The public security end is arranged in a department related to processing recovery abnormity and used for uploading stolen case information of renewable resources in a jurisdiction area to the shared server; the stolen case information comprises appearance information, type, quantity and case time of stolen goods;
the stolen renewable resources are recorded so that data for comparison can be available when the stolen resources are sold, and the appearance information can be the package of the renewable resources or the picture, color, shape, size parameters and the like of the product.
The recovery station end comprises a video monitoring module, a personnel registration module, a goods registration module and a transaction recording module;
the video monitoring module comprises a portrait acquisition unit and a goods acquisition unit, wherein the portrait acquisition unit is used for acquiring image data of a seller during transaction and acquiring a facial image of the seller according to the acquired image; the goods acquisition unit is used for acquiring appearance information of appearance pictures at a plurality of angles containing the recovered goods; the appearance pictures are at least pictures taken from 6 different angles and are used for extracting the pictures, colors, shapes, size parameters and the like of the packages of goods or products.

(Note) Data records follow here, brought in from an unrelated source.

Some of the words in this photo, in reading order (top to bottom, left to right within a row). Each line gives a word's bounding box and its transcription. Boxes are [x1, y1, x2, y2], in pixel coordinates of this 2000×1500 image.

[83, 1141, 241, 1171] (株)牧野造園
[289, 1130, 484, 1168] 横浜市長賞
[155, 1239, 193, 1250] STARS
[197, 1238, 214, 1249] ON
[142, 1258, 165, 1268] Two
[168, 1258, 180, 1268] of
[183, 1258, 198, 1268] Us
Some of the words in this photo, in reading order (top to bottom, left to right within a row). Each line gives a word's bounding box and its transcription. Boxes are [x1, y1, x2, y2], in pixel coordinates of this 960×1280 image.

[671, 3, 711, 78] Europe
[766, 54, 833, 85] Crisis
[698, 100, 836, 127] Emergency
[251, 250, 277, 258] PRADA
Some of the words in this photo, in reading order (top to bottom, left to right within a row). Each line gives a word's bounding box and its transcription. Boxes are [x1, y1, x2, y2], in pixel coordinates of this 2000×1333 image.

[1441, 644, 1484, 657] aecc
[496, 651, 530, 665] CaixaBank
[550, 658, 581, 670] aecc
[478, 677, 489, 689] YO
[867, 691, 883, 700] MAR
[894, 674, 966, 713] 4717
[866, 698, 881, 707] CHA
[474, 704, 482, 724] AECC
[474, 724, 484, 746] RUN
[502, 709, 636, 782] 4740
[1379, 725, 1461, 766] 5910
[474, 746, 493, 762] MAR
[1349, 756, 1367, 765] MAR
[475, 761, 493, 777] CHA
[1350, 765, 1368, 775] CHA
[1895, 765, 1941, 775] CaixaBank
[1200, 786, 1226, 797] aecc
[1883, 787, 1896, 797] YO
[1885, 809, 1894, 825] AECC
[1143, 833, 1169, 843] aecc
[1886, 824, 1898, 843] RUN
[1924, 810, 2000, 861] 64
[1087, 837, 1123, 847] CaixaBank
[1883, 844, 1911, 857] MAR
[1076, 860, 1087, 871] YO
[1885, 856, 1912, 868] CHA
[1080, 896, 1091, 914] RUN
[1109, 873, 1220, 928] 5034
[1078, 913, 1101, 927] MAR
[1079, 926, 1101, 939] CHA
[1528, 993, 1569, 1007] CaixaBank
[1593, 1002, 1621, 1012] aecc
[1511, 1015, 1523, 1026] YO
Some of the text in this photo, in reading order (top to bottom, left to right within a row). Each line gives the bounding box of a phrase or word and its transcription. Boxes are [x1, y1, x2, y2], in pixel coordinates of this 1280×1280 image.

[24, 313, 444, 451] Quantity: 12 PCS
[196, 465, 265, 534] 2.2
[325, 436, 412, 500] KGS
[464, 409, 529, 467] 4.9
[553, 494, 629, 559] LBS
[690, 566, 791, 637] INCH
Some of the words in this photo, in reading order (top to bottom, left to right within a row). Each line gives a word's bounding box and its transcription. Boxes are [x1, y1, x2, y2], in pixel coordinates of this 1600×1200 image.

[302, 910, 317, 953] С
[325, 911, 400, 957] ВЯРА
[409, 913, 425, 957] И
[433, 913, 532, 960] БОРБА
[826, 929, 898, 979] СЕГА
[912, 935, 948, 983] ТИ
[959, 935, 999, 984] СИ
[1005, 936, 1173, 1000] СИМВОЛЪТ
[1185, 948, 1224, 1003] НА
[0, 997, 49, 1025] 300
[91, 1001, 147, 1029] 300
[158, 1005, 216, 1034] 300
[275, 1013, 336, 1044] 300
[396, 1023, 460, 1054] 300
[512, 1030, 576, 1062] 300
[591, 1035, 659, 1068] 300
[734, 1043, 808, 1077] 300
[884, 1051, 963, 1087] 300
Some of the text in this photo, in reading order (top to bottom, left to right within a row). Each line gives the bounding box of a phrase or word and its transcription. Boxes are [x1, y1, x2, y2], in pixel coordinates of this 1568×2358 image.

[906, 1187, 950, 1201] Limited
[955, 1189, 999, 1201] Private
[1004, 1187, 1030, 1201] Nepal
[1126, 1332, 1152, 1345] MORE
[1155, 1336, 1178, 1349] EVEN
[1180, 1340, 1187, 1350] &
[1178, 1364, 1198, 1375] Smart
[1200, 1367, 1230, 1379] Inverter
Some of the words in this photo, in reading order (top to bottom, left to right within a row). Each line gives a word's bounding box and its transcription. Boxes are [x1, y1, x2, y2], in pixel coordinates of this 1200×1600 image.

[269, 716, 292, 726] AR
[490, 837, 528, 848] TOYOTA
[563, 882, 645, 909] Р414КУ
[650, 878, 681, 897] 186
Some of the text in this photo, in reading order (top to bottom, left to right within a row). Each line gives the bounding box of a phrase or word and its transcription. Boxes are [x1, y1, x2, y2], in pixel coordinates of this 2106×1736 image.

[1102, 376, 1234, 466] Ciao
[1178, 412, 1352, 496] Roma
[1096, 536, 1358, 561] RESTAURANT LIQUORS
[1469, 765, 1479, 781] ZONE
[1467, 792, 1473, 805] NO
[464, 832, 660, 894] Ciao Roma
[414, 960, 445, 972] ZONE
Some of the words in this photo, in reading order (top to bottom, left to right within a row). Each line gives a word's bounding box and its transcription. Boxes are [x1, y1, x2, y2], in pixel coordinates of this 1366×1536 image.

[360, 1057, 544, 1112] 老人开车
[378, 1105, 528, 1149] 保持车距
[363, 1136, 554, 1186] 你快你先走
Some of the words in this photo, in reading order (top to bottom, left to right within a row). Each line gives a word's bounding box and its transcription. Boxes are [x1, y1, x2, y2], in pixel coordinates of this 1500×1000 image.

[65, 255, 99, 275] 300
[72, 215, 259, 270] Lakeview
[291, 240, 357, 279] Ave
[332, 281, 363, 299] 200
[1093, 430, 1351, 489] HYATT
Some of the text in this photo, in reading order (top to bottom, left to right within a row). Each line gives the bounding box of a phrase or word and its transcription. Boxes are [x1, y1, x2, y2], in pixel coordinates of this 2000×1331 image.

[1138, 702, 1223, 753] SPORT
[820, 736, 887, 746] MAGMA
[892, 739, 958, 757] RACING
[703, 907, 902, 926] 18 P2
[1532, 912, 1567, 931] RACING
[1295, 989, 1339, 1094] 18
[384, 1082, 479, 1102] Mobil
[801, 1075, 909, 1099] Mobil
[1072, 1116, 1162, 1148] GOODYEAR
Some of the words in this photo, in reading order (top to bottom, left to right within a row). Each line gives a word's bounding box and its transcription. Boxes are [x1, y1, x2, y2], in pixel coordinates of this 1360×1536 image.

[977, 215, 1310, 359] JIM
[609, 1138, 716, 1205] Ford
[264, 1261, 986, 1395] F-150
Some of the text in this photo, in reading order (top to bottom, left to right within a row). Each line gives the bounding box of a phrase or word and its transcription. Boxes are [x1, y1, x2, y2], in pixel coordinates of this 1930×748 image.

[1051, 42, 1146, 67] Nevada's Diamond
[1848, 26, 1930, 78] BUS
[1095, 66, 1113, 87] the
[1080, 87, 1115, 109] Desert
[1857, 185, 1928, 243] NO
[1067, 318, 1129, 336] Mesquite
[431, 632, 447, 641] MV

The personnel registration module is used for recording seller registration information during transaction; the seller registration information comprises seller types, enterprise registration information and personal registration information;
the goods registration module is used for recording goods registration information during transaction, wherein the goods registration information comprises the type and the quantity of the recycled goods;
the transaction record module is used for generating a transaction record containing information of a recycling station end for performing transaction according to the collected appearance information of the recycled goods, the facial image of a seller, the goods registration information and the seller registration information, and uploading the transaction record to the sharing server end; the recycle bin end information comprises position information and a number of the recycle bin end; the method can be used for positioning the position of the stolen goods seller, and is convenient for relevant departments to timely arrive at the site for processing.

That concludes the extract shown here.